STALKER'S POV.
She laughed today.
Not for me, obviously. Never for me. She laughed for someone else while walking under the same sun that has burned through my patience for years. The sound wasn't loud but it sliced through my skull like a blade dipped in honey. Sweet, painful, addictive. Her smile always feels like something she stole from me, something she shouldn't hand out so freely. Especially not to him.
People say jealousy is green. I think it's black. Thick. Slow. Poisonous. Like the ink I drag across the paper whenever the ache becomes too loud. Like the roses I leave behind to remind her that peace is not something she owns anymore. That peace died the moment she stepped into my shadow.
She doesn't know she was the reason I came here. This city, this college, this crowded place stuffed with idiots pretending to be important. I hate this place. But I came anyway. Because she did. Just like I came to that school years ago when she switched mid-term, unaware she'd dragged me with her across districts like some cosmic punishment. I was there from she was what just 12 always protecting. Watching. Stalking. Still remembering the things she moved on from.
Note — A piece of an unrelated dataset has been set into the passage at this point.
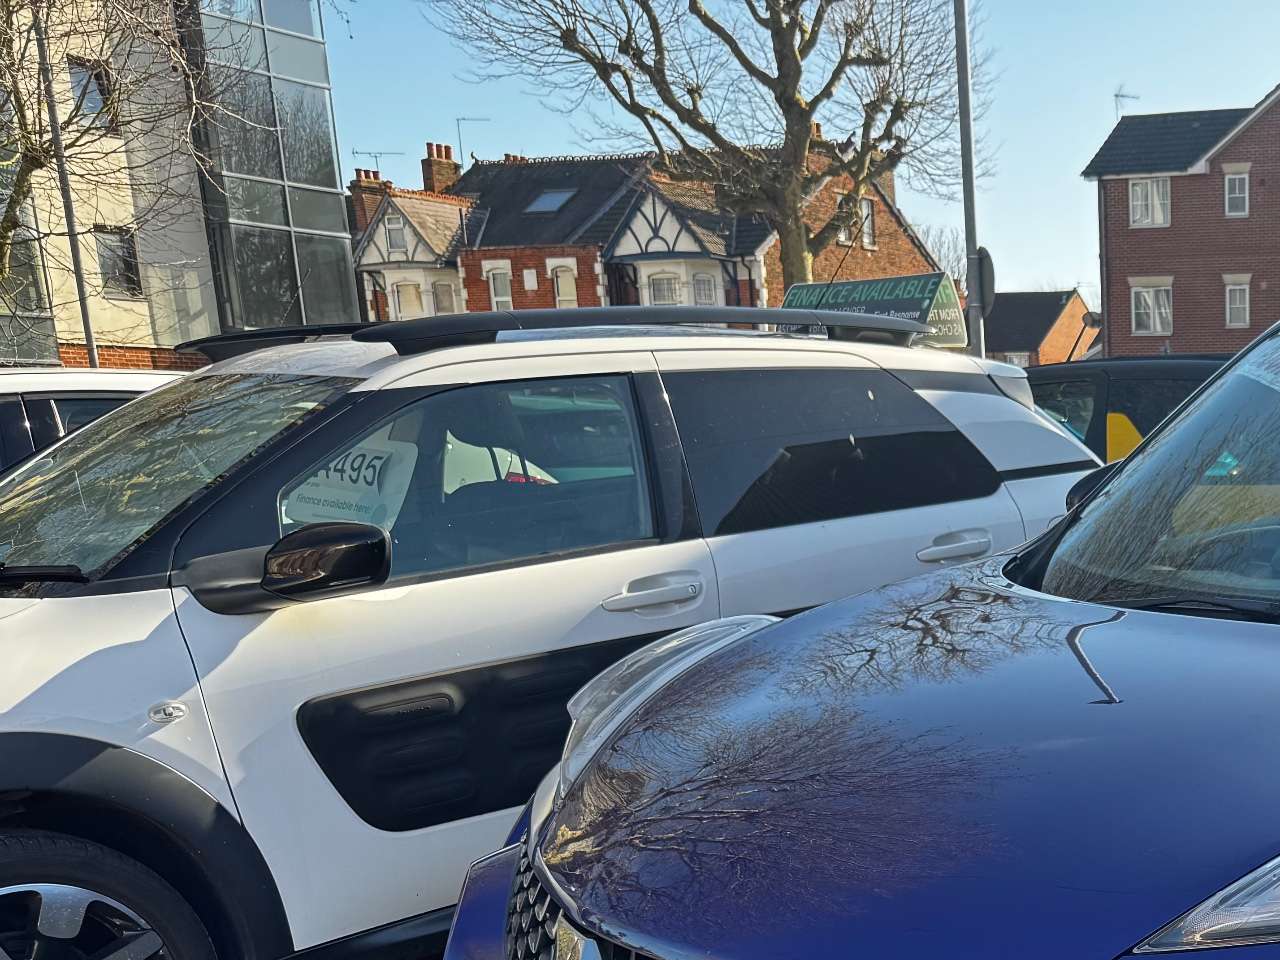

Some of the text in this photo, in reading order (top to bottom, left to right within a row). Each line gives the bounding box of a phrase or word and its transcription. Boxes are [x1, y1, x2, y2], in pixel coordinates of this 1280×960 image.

[784, 278, 938, 307] FINANCE AVAILABLE
[325, 452, 384, 487] 495
She never asked me to follow, but I never asked for permission either. Things like us… we don't need invitations.
I saw her today across the courtyard, sitting with that boy. His hand brushed her notebook. Her hair fell forward. Her eyes sparkled like storm-glass under sunlight and he smiled like he had the right to witness that. The right to breathe the same air she exhales. The right to exist near her.
I almost walked over. Almost showed him what happens to thieves. Almost reminded her what belongs to whom.
But I didn't.
Because patience.
Because I've played this game longer than either of them has been aware they're pieces on a board I built.
Still, it was… irritating.
The way she leaned in.
The way she looked comfortable.
The way she didn't flinch when he touched the edge of her sleeve.
She's getting reckless. Letting strangers into her orbit like she hasn't been circling the jaws of wolves since childhood. Like she hasn't been mine longer than she's been anyone's "friend."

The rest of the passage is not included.